しかし指定席の取ってあるひかりまでは時間があるので、米原駅の待合室がどうなっているか見てみようと思い、階段を上がって通路を進み、待合室に向かった。
さすがに新幹線停車駅だけあって待合室は広く、おまけにそば屋もあった。駅弁を食べていなければそばを1杯食べたいところだ。まずは待合室のいすにすわって休む。すぐそばに中間改札があり、便利なところである。
しばらく休み、ひかりが出る時刻が近づいたところで、ぼくは中間改札に周遊券と特急券を見せて通った。さあ、最後の列車だ。
特急しらさぎを米原駅で降りて、中間改札を通って新幹線の東京行きホームにやってきた。乗り換え時間がけっこうある。
ぼくは金沢で「能登和牛弁当」を買ってしらさぎの中で食べたので、もう夕食を買う必要はないのだが、ふと弁当を売っている女性を見ると、ものすごくかわいかった。
それでついフラフラ〜と弁当売り場に行ってしまい、「何か残っていますか?」などと質問して、鱒ずしとお茶を買った。
そしてひかりがやってきたので指定席にすわった。米原に停車するひかりは貴重なので指定席が必要なのだ。
鱒ずしは富山のますのすしとは違い、1口ごとに切ってあるすしで、その日のうちに食べる必要があるようなので座席で食べた。

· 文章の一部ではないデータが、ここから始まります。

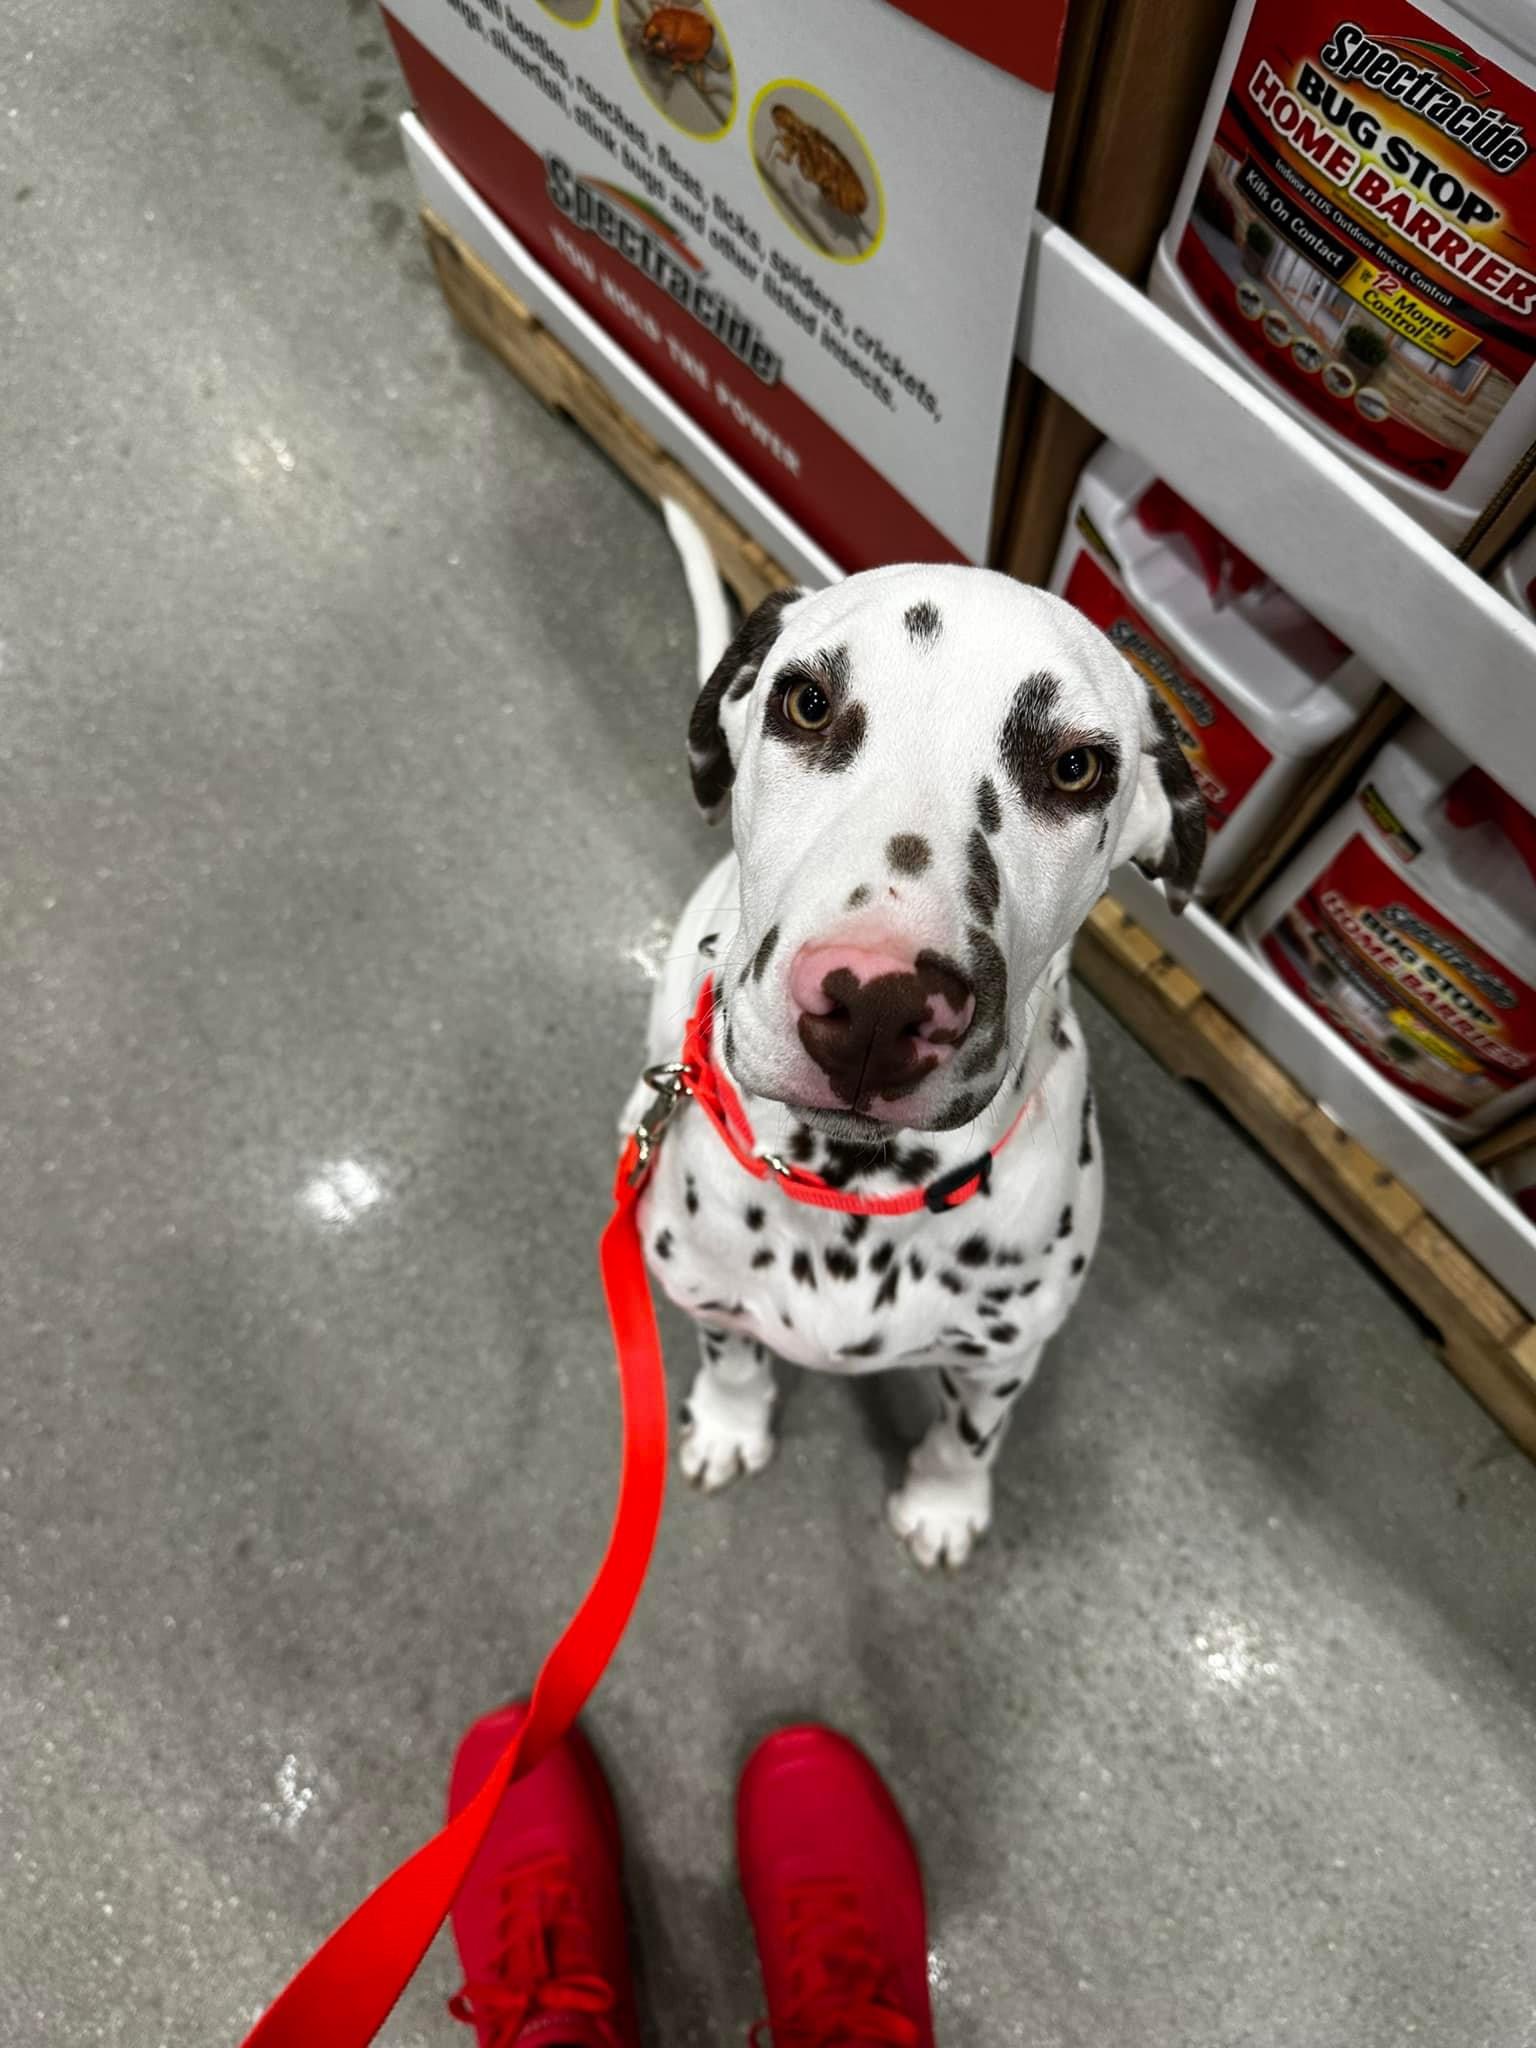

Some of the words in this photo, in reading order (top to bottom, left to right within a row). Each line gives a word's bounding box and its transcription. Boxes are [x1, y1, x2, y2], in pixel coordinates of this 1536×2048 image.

あとはもう東京まで行くので眠っても大丈夫で、2日間の夜行の疲れもあってぐっすり眠った。
起きると新横浜を過ぎるところだった。暗い中をひかりは進んでいく。
もうこれで本当にワイド周遊券って終わってしまうんだな、と思った。
これから売り出される「周遊きっぷ」というのはどんなものかわからないが、さっそく来月あたりに使う予定でいる。
なんでも「ゾーン」が狭いものでも特急の自由席に乗れるそうなのでさっそく特急券なしで特急に乗ろうと思った。
そんなことを考えているうちにひかりは品川を過ぎ、東京駅へとすべりこんでいった。
あしたは会社だ。今夜しっかり休んであしたがんばろうと考えながら、中間改札で特急券を渡し、北陸ワイド周遊券のB券を見せて通った。B券も降りる駅で改札に渡してしまおうと思った。